Diego Armando Mardona è sempre sulle prime pagine dei giornali.

Se dapprima si è pensato ad un possibile contagio da coronavirus, i media argentini hanno smentito l’ipotesi: gli ultimi tamponi effettuati erano risultati negativi, ma Maradona era comunque stato visto debole, con difficoltà ad alzare il braccio sinistro e con bisogno di aiuto nel camminare prima della partita del suo Gimnasia la Plata con il Patronato, poi non diretta dalla panchina dal Pibe de Oro.

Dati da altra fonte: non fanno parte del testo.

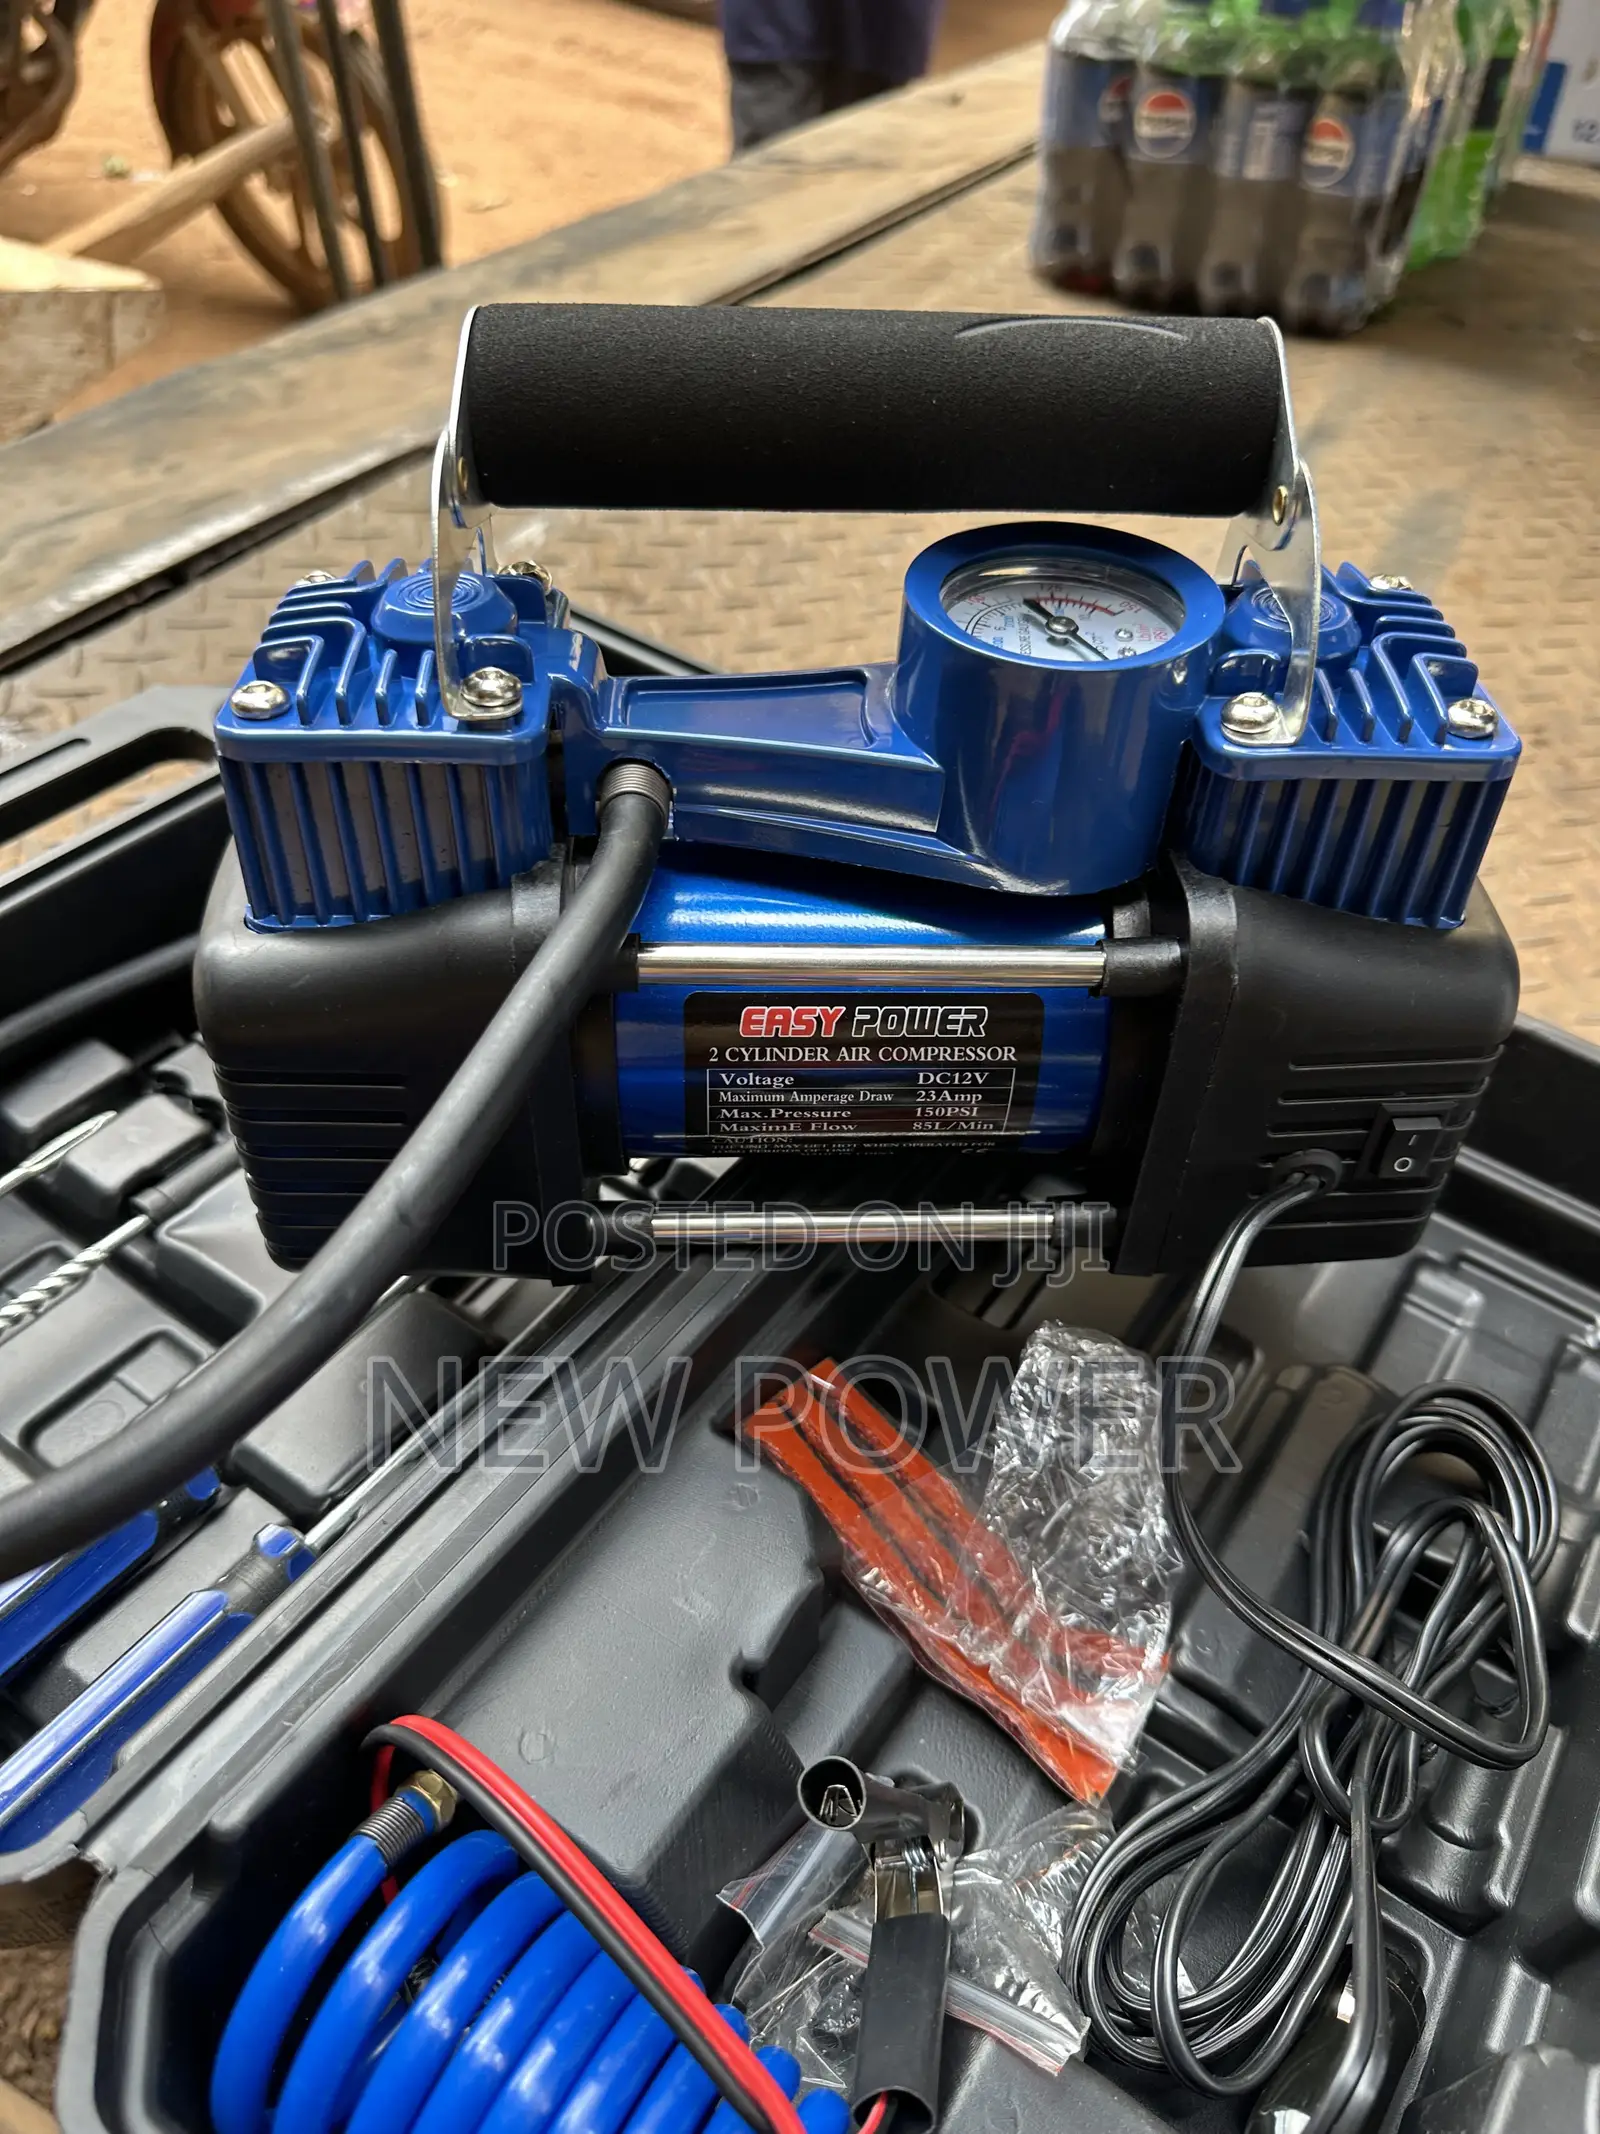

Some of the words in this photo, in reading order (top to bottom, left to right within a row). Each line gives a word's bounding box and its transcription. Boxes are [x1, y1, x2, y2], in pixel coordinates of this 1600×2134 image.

Doveva essere un semplice checkup, ma Maradona è destinato a permanere in ospedale.

Lo ha dichiarato ai media argentini Leopoldo Luque, medico personale dell’ex fuoriclasse argentino.

Il motivo del ricovero sembrerebbe legato ad una depressione derivante dal momento difficile a causa della pandemia: “Non è un’emergenza. L’idea è quello di farlo restare qui finché la situazione non si sarà ottimizzata, ma con Diego non si sa mai. Diego è psicologicamente giù, tutto ciò influisce sul corpo. Questo è il fattore principale che porta al suo ricovero, l’ho visto triste. Diego è una persona di cicli: a volte sta molto bene, altre no. Non mi è piaciuto il momento che viveva, portarlo qui aiuta, ha scelto lui di venire qui. Diego è giù di morale, non vuole mangiare. Gli mancano molto i suoi genitori. Il compleanno è una data che gli ha fatto provare vari sentimenti”.